In any case, that definition of a new kind of military is probably right if we take it very seriously and put money into those kinds of weapons systems: those with mobility, swiftness, and stealth capabilities; precision weapons and I.T.

Defense Central: The president referred to creativity and innovation. Is it possible in the military, where there are strict procedures and chains of command, to be innovative?

Owens: Those are great words, and I am completely in line with them. It isn't the first time these kinds of speeches have emphasized creativity, the spirit of innovation, and a new culture for the officer corps.

I salute President Bush for making that kind of comment, and he dwelt on it for some significant period of time. But this is not easy. This is a huge bureaucracy that has been built over many, many decades with many traditions of World War II, Korea, even the Civil War, etc.

The traditions, the single-service cultures, and the desire for seeing creativity in the form of evolution rather than revolution - all of these areas can be misunderstood. Or it's very easy to say, "Well, we're doing exactly what the president says right now; we're creative, and we have a spirit of innovation." I don't believe that's true, and I do believe that the president is emphasizing the right things.
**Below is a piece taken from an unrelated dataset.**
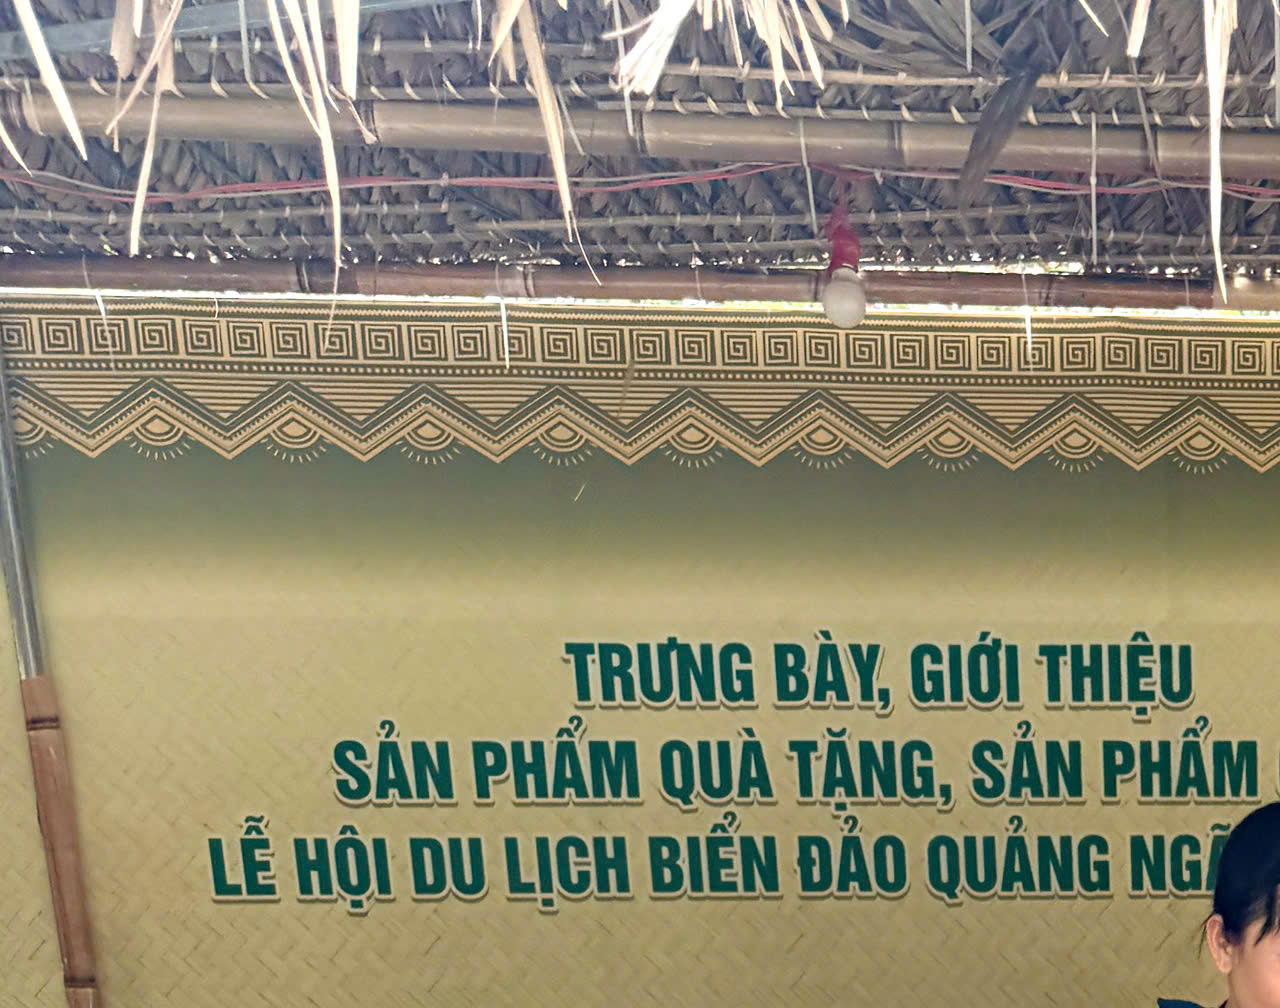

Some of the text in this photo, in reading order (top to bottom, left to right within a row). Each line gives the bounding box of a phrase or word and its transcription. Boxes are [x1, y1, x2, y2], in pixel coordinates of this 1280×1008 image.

Now the question will be, c. Those are big words, and they take big actions to implement.

Defense Central: Will it be possible for the president to implement ballistic missile defenses, as he referred to in his speech?

Owens: I think so. The issue really depends on what you mean when you say ballistic missile defenses.

We've been working on systems that are associated with ballistic missile defense for the last ten years: the Navy Aegis Upper Tier, the Theater High Altitude Air Defense (THAAD) missile, the Patriot. These weapons systems are being designed for ballistic missile defense. So, if the president simply continues work on these systems, then, in general, those funding lines are already in place.

If we're talking about a massive amount of funding for a national missile defense, which includes various sites across the United States, radars, big missiles, etc., then the implementation of that to the tune of tens of billions of dollars is going to be a very difficult challenge for the president on Capitol Hill.